◆ Problem to solve ◆
Transcribe exactly the line containing "this 1600×1068 image." and every line after it, through the end of the records below.

◆ Records excerpted from a collection ◆
********
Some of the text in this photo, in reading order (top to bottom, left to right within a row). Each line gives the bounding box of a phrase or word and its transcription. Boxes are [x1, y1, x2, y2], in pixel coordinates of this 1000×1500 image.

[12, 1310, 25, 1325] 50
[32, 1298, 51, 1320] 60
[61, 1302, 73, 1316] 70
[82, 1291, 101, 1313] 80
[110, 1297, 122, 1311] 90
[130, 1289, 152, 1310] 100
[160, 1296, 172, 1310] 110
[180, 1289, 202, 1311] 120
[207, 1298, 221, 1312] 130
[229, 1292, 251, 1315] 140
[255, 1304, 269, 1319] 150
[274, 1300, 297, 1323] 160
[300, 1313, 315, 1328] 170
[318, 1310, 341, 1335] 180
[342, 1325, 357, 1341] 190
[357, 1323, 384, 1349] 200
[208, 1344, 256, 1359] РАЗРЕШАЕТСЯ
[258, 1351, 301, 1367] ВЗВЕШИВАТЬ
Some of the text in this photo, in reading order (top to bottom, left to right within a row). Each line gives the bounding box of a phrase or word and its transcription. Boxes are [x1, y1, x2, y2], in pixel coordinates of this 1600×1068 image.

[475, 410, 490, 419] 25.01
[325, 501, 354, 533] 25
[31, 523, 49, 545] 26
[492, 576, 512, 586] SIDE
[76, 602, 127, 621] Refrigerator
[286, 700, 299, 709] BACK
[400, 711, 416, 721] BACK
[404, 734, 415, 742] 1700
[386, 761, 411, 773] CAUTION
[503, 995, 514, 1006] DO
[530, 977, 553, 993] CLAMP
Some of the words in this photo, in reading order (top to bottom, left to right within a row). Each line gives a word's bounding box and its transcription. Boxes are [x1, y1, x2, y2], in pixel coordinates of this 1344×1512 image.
********
◆ Response to this exercise ◆
Some of the text in this photo, in reading order (top to bottom, left to right within a row). Each line gives the bounding box of a phrase or word and its transcription. Boxes are [x1, y1, x2, y2], in pixel coordinates of this 1600×1068 image.

[475, 410, 490, 419] 25.01
[325, 501, 354, 533] 25
[31, 523, 49, 545] 26
[492, 576, 512, 586] SIDE
[76, 602, 127, 621] Refrigerator
[286, 700, 299, 709] BACK
[400, 711, 416, 721] BACK
[404, 734, 415, 742] 1700
[386, 761, 411, 773] CAUTION
[503, 995, 514, 1006] DO
[530, 977, 553, 993] CLAMP
Some of the words in this photo, in reading order (top to bottom, left to right within a row). Each line gives a word's bounding box and its transcription. Boxes are [x1, y1, x2, y2], in pixel coordinates of this 1344×1512 image.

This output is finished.